■ **PROBLEM REQUIREMENTS**:
Pictures aside, write out the data exactly as it reads.
# # # #
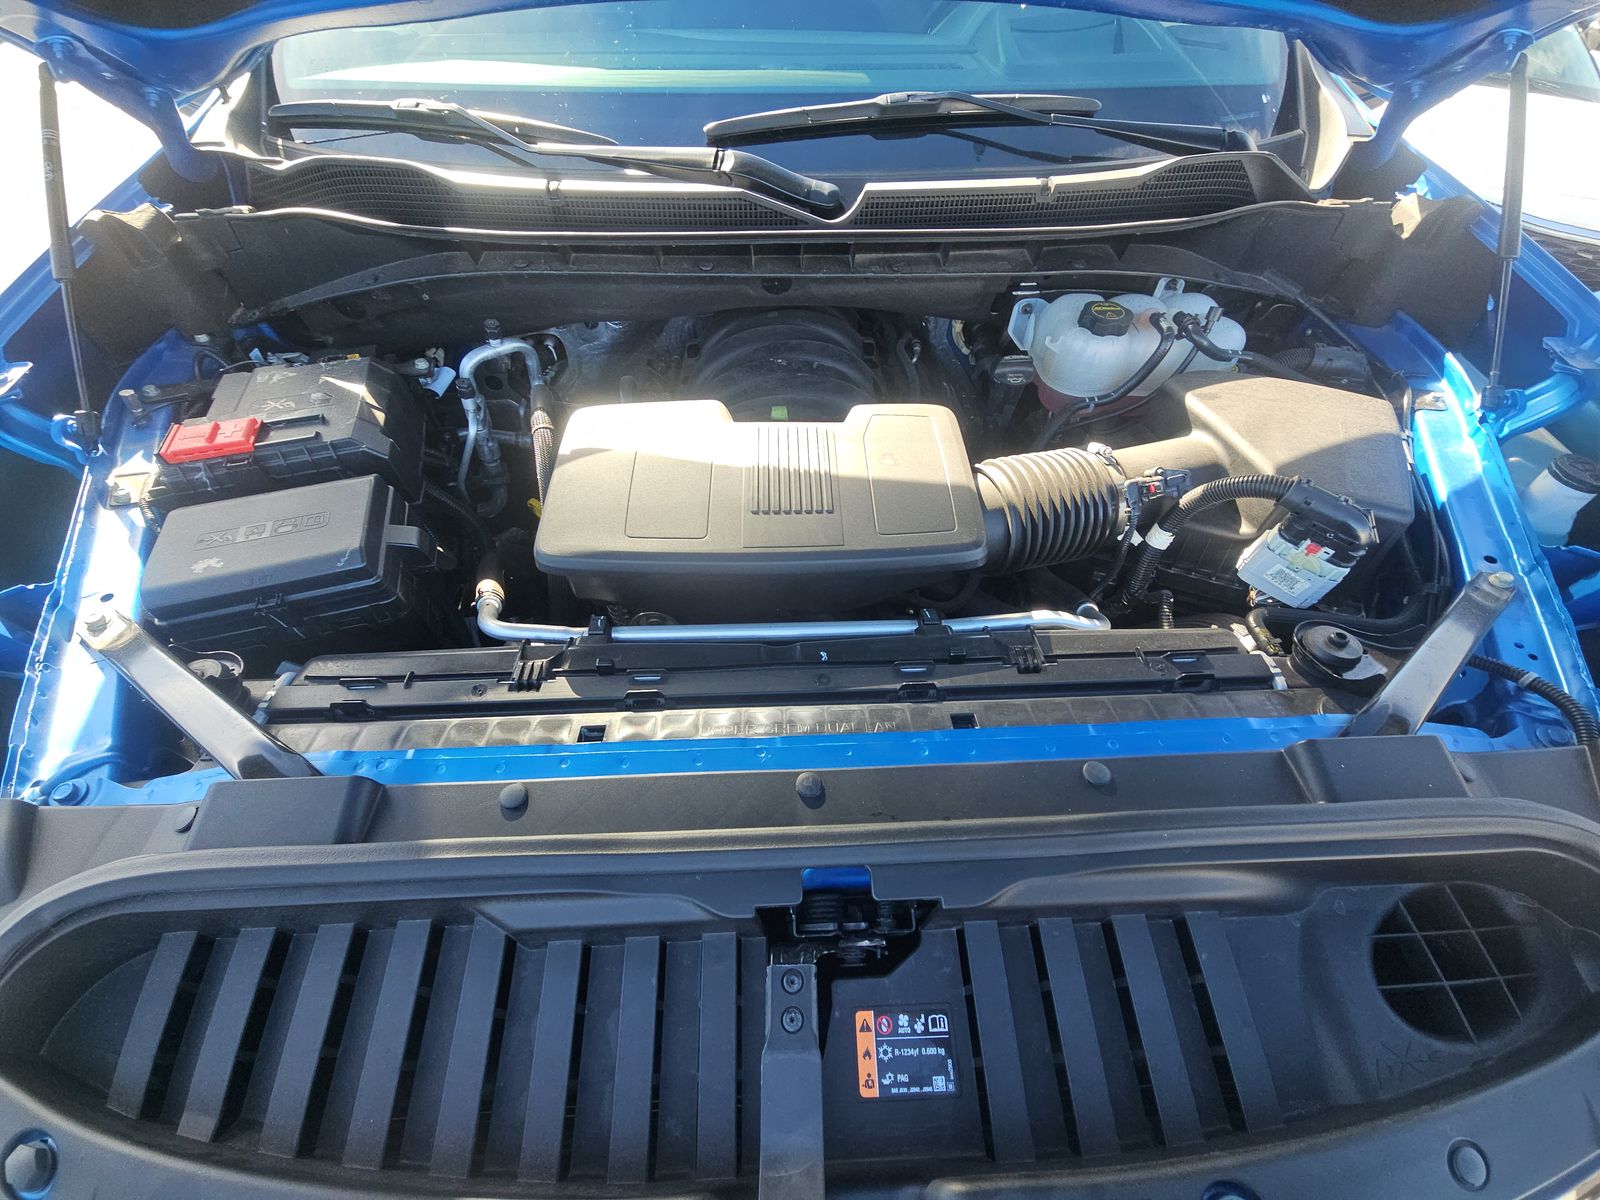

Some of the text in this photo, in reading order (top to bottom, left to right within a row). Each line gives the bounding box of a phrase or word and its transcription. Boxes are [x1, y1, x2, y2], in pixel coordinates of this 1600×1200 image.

[815, 721, 861, 734] DUAL
[894, 1048, 919, 1056] R-1234yf
[938, 1047, 945, 1056] kg
[897, 1074, 909, 1082] PAG
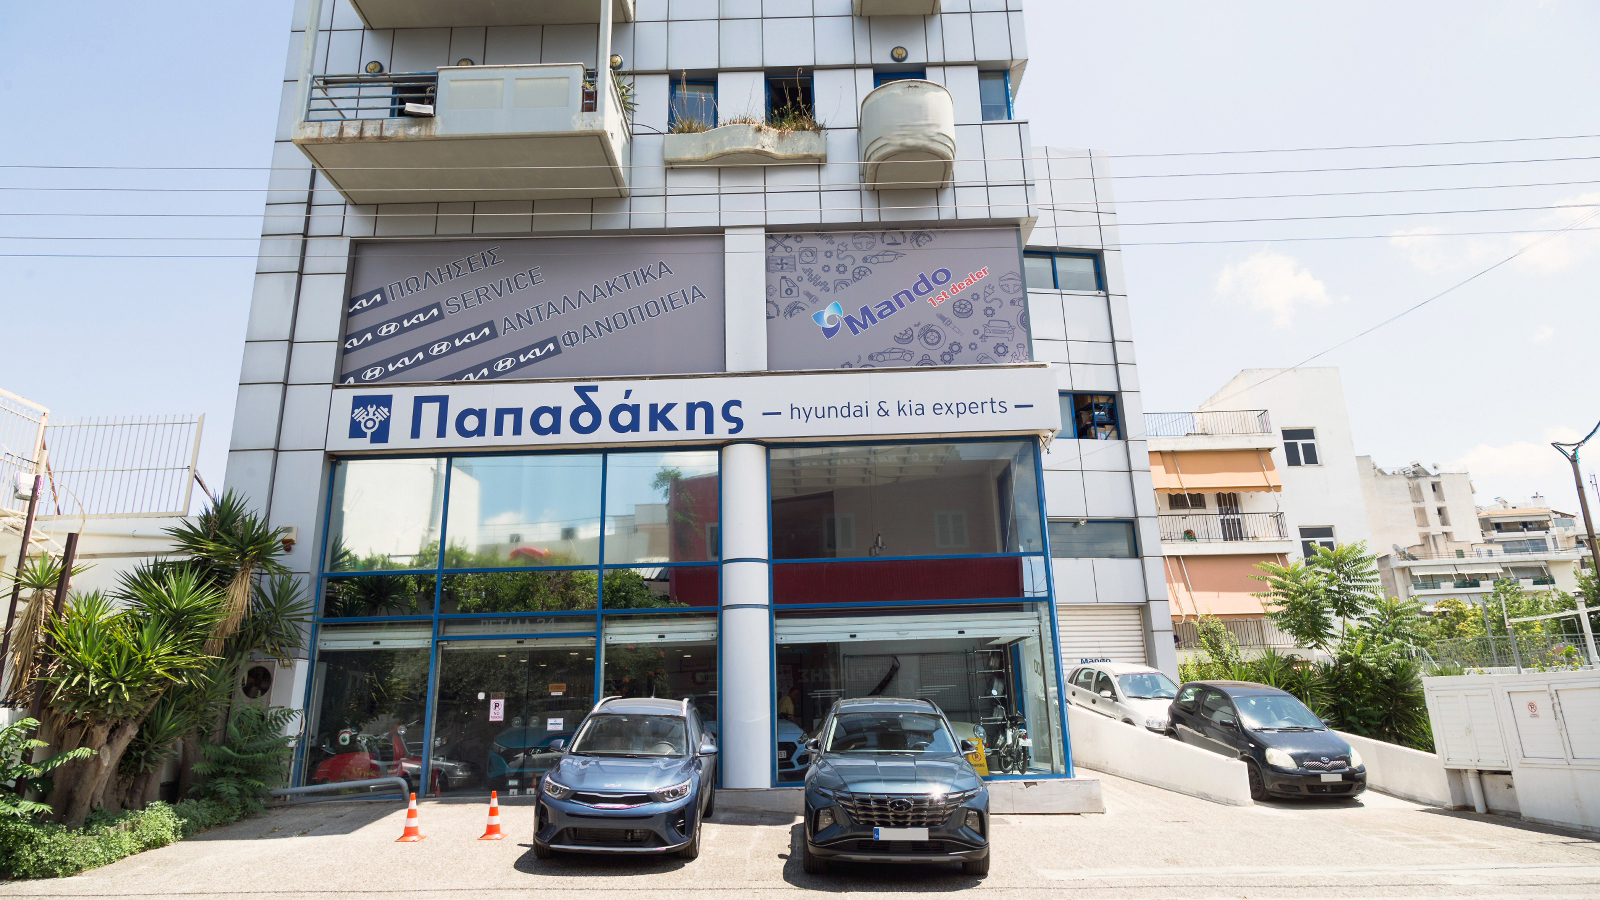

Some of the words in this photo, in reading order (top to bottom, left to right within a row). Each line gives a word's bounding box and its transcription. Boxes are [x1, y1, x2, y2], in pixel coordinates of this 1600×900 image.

[444, 266, 545, 315] SERVICE
[502, 260, 674, 336] ΑΝΤΑΛΛΑΚΤΙΚΑ
[843, 267, 952, 336] Mando
[928, 290, 951, 307] 1st
[949, 266, 989, 296] dealer
[561, 284, 707, 348] ΦΑΝΟΠΟΙΕΙΑ
[410, 385, 744, 439] Παπαδάκης
[790, 400, 869, 424] hyundai
[876, 401, 890, 418] &
[897, 399, 925, 417] kia
[932, 397, 1008, 419] experts
# # # #
■ **RESPONSE AREA**:
Some of the text in this photo, in reading order (top to bottom, left to right within a row). Each line gives the bounding box of a phrase or word and its transcription. Boxes are [x1, y1, x2, y2], in pixel coordinates of this 1600×1200 image.

[815, 721, 861, 734] DUAL
[894, 1048, 919, 1056] R-1234yf
[938, 1047, 945, 1056] kg
[897, 1074, 909, 1082] PAG

Some of the words in this photo, in reading order (top to bottom, left to right within a row). Each line gives a word's bounding box and its transcription. Boxes are [x1, y1, x2, y2], in pixel coordinates of this 1600×900 image.

[444, 266, 545, 315] SERVICE
[502, 260, 674, 336] ΑΝΤΑΛΛΑΚΤΙΚΑ
[843, 267, 952, 336] Mando
[928, 290, 951, 307] 1st
[949, 266, 989, 296] dealer
[561, 284, 707, 348] ΦΑΝΟΠΟΙΕΙΑ
[410, 385, 744, 439] Παπαδάκης
[790, 400, 869, 424] hyundai
[876, 401, 890, 418] &
[897, 399, 925, 417] kia
[932, 397, 1008, 419] experts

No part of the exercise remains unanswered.